QUALITY PLANNING COORDINATOR

Catalent, Inc. is a leading global contract development and manufacturing organization (CDMO) whose mission is to develop, manufacture, and supply products that help people live better and healthier lives. Catalent is dedicated to delivering unparalleled service to pharma, biotech, and consumer health customers, supporting product development, launch, and full life-cycle supply. With time-tested experience in development sciences, delivery technologies, and multi-modality manufacturing, Catalent supports the acceleration of development programs and the launch of more than a hundred new products every year. Powered by thousands of scientists and technicians and the latest technology platforms at more than 40 global sites, Catalent supplies billions of doses of life-enhancing and life-saving treatments for patients annually.
Catalent Pharma Solutions is seeking a Quality Planning Coordinator to join our team.

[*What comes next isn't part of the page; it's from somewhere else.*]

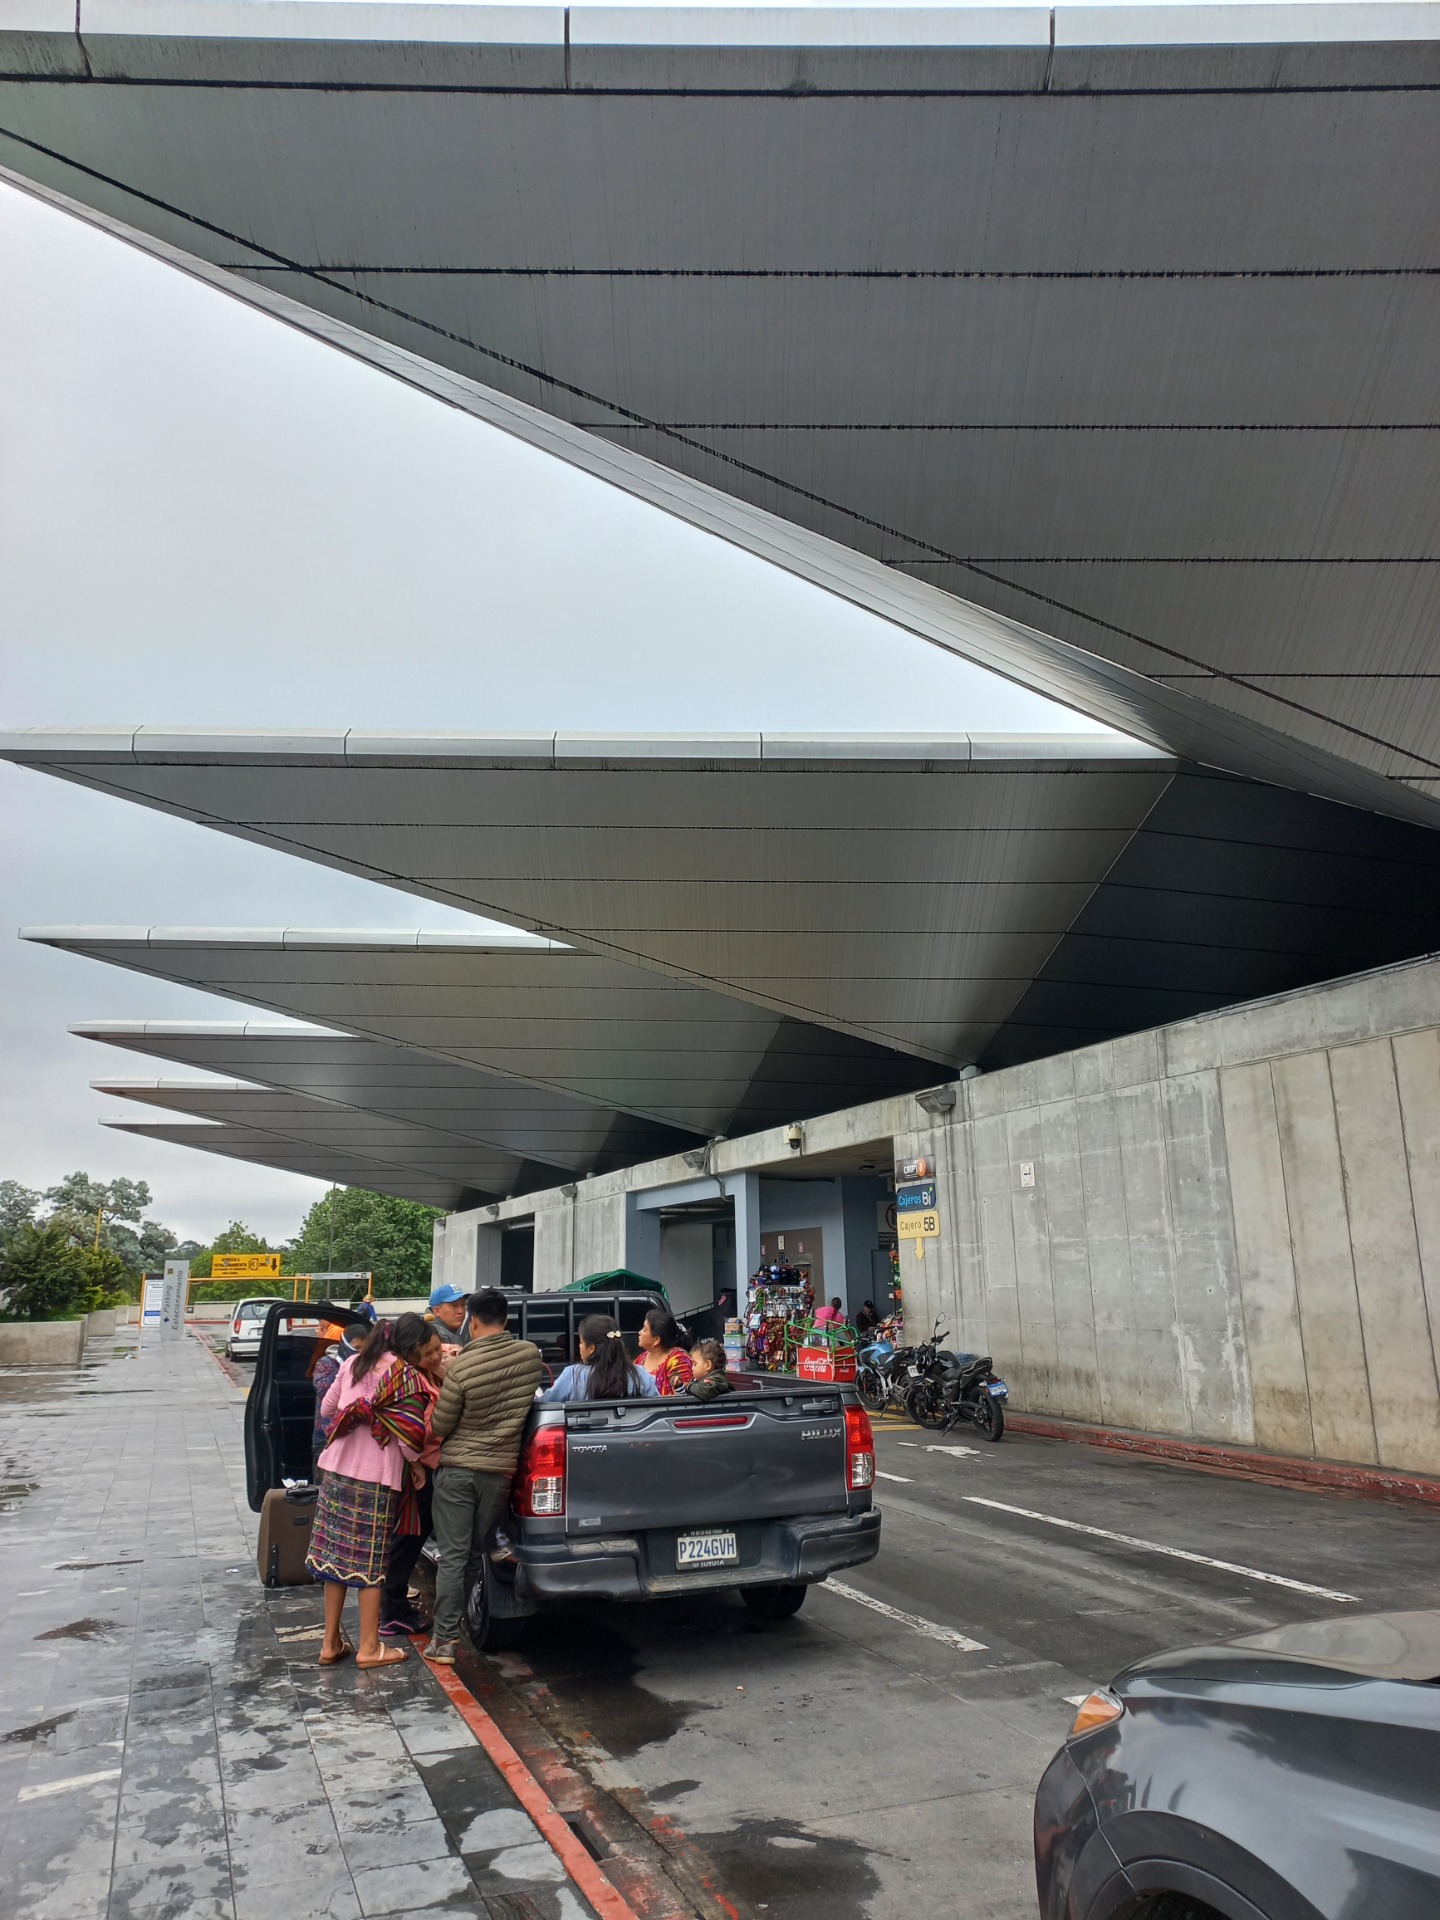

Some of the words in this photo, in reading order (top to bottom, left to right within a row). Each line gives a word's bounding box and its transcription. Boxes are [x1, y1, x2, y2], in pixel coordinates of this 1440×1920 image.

This role is pivotal in supporting our Quality objectives and ensuring timely and compliant execution of QA and QP processes across pharmaceutical and clinical trial packaging operations.

• Contribute to the achievement of Catalent’s GMP objectives and quality policies.
• Provide quality planning expertise to ensure processes meet standards and deadlines.
• Support QP and QA teams in batch review, S&D review, and certification processes.
• Attend site planning meetings to gather and align on project timelines.
• Collaborate with Project Managers and planning teams to schedule QA and QP tasks.
• Assess supply chain data for QP certifications.
• Review and validate Workfront timelines.
• Coordinate with internal departments and external Catalent sites to manage batch documentation.
• Monitor and manage the QP group mailbox.
• Compile internal and client metrics for business reviews.
• Conduct internal audits and walkthroughs.